=== Begin Enclosure ===

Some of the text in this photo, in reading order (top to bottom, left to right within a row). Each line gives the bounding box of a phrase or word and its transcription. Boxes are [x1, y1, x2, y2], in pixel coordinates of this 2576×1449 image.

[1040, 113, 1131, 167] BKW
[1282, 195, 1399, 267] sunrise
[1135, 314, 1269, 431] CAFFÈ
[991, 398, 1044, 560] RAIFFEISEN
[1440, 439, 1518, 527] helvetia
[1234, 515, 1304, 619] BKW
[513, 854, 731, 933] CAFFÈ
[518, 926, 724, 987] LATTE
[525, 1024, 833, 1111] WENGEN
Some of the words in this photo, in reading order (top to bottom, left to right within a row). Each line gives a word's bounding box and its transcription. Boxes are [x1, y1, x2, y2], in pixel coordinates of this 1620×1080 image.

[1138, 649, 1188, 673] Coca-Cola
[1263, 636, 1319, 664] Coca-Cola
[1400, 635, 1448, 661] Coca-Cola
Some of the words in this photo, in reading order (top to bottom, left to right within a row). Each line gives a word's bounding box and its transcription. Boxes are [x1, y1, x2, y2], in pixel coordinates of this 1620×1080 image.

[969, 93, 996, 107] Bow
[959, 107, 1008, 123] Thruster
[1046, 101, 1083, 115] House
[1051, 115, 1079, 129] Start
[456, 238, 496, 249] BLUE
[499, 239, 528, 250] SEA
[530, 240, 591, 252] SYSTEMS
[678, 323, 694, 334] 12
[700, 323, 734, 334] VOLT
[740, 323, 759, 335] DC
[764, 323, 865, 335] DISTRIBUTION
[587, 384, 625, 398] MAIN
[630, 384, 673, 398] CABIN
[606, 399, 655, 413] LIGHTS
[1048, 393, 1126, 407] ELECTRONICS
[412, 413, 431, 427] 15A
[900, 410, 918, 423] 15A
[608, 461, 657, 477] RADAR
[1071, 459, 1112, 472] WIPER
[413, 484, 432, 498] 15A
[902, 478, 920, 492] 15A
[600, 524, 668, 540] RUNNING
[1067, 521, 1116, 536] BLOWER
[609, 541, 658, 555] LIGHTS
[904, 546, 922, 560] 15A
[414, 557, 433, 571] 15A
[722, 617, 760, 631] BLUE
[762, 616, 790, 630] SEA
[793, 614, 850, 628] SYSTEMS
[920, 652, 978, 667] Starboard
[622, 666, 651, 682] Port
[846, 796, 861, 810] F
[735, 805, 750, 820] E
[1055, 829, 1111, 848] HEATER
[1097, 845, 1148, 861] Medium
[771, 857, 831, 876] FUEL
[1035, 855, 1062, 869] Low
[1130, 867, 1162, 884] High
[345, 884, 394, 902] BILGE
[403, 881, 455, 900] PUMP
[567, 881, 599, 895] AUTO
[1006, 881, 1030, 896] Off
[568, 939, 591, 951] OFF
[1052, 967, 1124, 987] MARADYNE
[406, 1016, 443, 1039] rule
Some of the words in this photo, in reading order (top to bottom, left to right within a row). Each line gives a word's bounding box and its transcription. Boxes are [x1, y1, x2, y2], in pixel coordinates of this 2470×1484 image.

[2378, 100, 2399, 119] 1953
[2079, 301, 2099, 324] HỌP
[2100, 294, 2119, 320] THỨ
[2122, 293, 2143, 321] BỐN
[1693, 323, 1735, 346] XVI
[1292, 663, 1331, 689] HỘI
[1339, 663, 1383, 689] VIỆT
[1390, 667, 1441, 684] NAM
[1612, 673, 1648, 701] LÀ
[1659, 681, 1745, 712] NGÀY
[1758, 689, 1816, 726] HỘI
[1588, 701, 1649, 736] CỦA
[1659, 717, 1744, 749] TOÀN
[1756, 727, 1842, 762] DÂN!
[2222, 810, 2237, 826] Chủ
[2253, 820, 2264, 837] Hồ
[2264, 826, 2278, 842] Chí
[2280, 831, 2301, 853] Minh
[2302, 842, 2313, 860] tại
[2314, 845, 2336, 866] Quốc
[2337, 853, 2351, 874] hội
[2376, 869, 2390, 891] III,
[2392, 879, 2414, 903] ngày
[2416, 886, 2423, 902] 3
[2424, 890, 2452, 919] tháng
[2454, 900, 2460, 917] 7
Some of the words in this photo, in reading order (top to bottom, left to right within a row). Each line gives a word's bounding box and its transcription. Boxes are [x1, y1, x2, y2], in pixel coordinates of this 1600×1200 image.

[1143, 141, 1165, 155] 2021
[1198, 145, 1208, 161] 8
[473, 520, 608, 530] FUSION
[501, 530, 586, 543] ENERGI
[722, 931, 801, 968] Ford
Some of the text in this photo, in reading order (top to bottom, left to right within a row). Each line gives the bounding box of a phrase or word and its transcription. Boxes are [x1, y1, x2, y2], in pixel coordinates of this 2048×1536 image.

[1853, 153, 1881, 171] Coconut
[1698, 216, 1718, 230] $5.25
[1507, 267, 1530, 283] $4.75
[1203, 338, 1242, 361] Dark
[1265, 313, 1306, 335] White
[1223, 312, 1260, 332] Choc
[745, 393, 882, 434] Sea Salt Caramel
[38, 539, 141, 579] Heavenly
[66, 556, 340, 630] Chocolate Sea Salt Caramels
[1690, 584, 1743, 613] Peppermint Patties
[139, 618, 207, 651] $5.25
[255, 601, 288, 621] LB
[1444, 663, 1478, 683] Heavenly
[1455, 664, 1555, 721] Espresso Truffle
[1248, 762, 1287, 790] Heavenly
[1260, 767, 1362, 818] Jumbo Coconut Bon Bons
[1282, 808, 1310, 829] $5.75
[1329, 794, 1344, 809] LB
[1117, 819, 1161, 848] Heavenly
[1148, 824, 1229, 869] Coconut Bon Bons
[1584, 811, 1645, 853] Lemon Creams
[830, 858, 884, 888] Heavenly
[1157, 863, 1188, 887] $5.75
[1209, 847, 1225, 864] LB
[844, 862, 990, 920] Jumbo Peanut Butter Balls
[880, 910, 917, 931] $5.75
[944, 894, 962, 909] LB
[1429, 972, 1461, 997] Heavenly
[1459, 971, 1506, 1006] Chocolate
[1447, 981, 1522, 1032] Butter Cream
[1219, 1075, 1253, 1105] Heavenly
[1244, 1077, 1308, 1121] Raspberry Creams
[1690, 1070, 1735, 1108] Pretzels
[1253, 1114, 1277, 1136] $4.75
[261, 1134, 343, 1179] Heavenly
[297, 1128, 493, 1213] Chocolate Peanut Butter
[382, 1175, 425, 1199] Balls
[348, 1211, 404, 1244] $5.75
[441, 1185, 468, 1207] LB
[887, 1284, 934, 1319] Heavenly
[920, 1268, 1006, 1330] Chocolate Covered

=== End Enclosure ===

Once more, write all of the records exactly as given.

Some of the text in this photo, in reading order (top to bottom, left to right within a row). Each line gives the bounding box of a phrase or word and its transcription. Boxes are [x1, y1, x2, y2], in pixel coordinates of this 2576×1449 image.

[1040, 113, 1131, 167] BKW
[1282, 195, 1399, 267] sunrise
[1135, 314, 1269, 431] CAFFÈ
[991, 398, 1044, 560] RAIFFEISEN
[1440, 439, 1518, 527] helvetia
[1234, 515, 1304, 619] BKW
[513, 854, 731, 933] CAFFÈ
[518, 926, 724, 987] LATTE
[525, 1024, 833, 1111] WENGEN
Some of the words in this photo, in reading order (top to bottom, left to right within a row). Each line gives a word's bounding box and its transcription. Boxes are [x1, y1, x2, y2], in pixel coordinates of this 1620×1080 image.

[1138, 649, 1188, 673] Coca-Cola
[1263, 636, 1319, 664] Coca-Cola
[1400, 635, 1448, 661] Coca-Cola
Some of the words in this photo, in reading order (top to bottom, left to right within a row). Each line gives a word's bounding box and its transcription. Boxes are [x1, y1, x2, y2], in pixel coordinates of this 1620×1080 image.

[969, 93, 996, 107] Bow
[959, 107, 1008, 123] Thruster
[1046, 101, 1083, 115] House
[1051, 115, 1079, 129] Start
[456, 238, 496, 249] BLUE
[499, 239, 528, 250] SEA
[530, 240, 591, 252] SYSTEMS
[678, 323, 694, 334] 12
[700, 323, 734, 334] VOLT
[740, 323, 759, 335] DC
[764, 323, 865, 335] DISTRIBUTION
[587, 384, 625, 398] MAIN
[630, 384, 673, 398] CABIN
[606, 399, 655, 413] LIGHTS
[1048, 393, 1126, 407] ELECTRONICS
[412, 413, 431, 427] 15A
[900, 410, 918, 423] 15A
[608, 461, 657, 477] RADAR
[1071, 459, 1112, 472] WIPER
[413, 484, 432, 498] 15A
[902, 478, 920, 492] 15A
[600, 524, 668, 540] RUNNING
[1067, 521, 1116, 536] BLOWER
[609, 541, 658, 555] LIGHTS
[904, 546, 922, 560] 15A
[414, 557, 433, 571] 15A
[722, 617, 760, 631] BLUE
[762, 616, 790, 630] SEA
[793, 614, 850, 628] SYSTEMS
[920, 652, 978, 667] Starboard
[622, 666, 651, 682] Port
[846, 796, 861, 810] F
[735, 805, 750, 820] E
[1055, 829, 1111, 848] HEATER
[1097, 845, 1148, 861] Medium
[771, 857, 831, 876] FUEL
[1035, 855, 1062, 869] Low
[1130, 867, 1162, 884] High
[345, 884, 394, 902] BILGE
[403, 881, 455, 900] PUMP
[567, 881, 599, 895] AUTO
[1006, 881, 1030, 896] Off
[568, 939, 591, 951] OFF
[1052, 967, 1124, 987] MARADYNE
[406, 1016, 443, 1039] rule
Some of the words in this photo, in reading order (top to bottom, left to right within a row). Each line gives a word's bounding box and its transcription. Boxes are [x1, y1, x2, y2], in pixel coordinates of this 2470×1484 image.

[2378, 100, 2399, 119] 1953
[2079, 301, 2099, 324] HỌP
[2100, 294, 2119, 320] THỨ
[2122, 293, 2143, 321] BỐN
[1693, 323, 1735, 346] XVI
[1292, 663, 1331, 689] HỘI
[1339, 663, 1383, 689] VIỆT
[1390, 667, 1441, 684] NAM
[1612, 673, 1648, 701] LÀ
[1659, 681, 1745, 712] NGÀY
[1758, 689, 1816, 726] HỘI
[1588, 701, 1649, 736] CỦA
[1659, 717, 1744, 749] TOÀN
[1756, 727, 1842, 762] DÂN!
[2222, 810, 2237, 826] Chủ
[2253, 820, 2264, 837] Hồ
[2264, 826, 2278, 842] Chí
[2280, 831, 2301, 853] Minh
[2302, 842, 2313, 860] tại
[2314, 845, 2336, 866] Quốc
[2337, 853, 2351, 874] hội
[2376, 869, 2390, 891] III,
[2392, 879, 2414, 903] ngày
[2416, 886, 2423, 902] 3
[2424, 890, 2452, 919] tháng
[2454, 900, 2460, 917] 7
Some of the words in this photo, in reading order (top to bottom, left to right within a row). Each line gives a word's bounding box and its transcription. Boxes are [x1, y1, x2, y2], in pixel coordinates of this 1600×1200 image.

[1143, 141, 1165, 155] 2021
[1198, 145, 1208, 161] 8
[473, 520, 608, 530] FUSION
[501, 530, 586, 543] ENERGI
[722, 931, 801, 968] Ford
Some of the text in this photo, in reading order (top to bottom, left to right within a row). Each line gives the bounding box of a phrase or word and its transcription. Boxes are [x1, y1, x2, y2], in pixel coordinates of this 2048×1536 image.

[1853, 153, 1881, 171] Coconut
[1698, 216, 1718, 230] $5.25
[1507, 267, 1530, 283] $4.75
[1203, 338, 1242, 361] Dark
[1265, 313, 1306, 335] White
[1223, 312, 1260, 332] Choc
[745, 393, 882, 434] Sea Salt Caramel
[38, 539, 141, 579] Heavenly
[66, 556, 340, 630] Chocolate Sea Salt Caramels
[1690, 584, 1743, 613] Peppermint Patties
[139, 618, 207, 651] $5.25
[255, 601, 288, 621] LB
[1444, 663, 1478, 683] Heavenly
[1455, 664, 1555, 721] Espresso Truffle
[1248, 762, 1287, 790] Heavenly
[1260, 767, 1362, 818] Jumbo Coconut Bon Bons
[1282, 808, 1310, 829] $5.75
[1329, 794, 1344, 809] LB
[1117, 819, 1161, 848] Heavenly
[1148, 824, 1229, 869] Coconut Bon Bons
[1584, 811, 1645, 853] Lemon Creams
[830, 858, 884, 888] Heavenly
[1157, 863, 1188, 887] $5.75
[1209, 847, 1225, 864] LB
[844, 862, 990, 920] Jumbo Peanut Butter Balls
[880, 910, 917, 931] $5.75
[944, 894, 962, 909] LB
[1429, 972, 1461, 997] Heavenly
[1459, 971, 1506, 1006] Chocolate
[1447, 981, 1522, 1032] Butter Cream
[1219, 1075, 1253, 1105] Heavenly
[1244, 1077, 1308, 1121] Raspberry Creams
[1690, 1070, 1735, 1108] Pretzels
[1253, 1114, 1277, 1136] $4.75
[261, 1134, 343, 1179] Heavenly
[297, 1128, 493, 1213] Chocolate Peanut Butter
[382, 1175, 425, 1199] Balls
[348, 1211, 404, 1244] $5.75
[441, 1185, 468, 1207] LB
[887, 1284, 934, 1319] Heavenly
[920, 1268, 1006, 1330] Chocolate Covered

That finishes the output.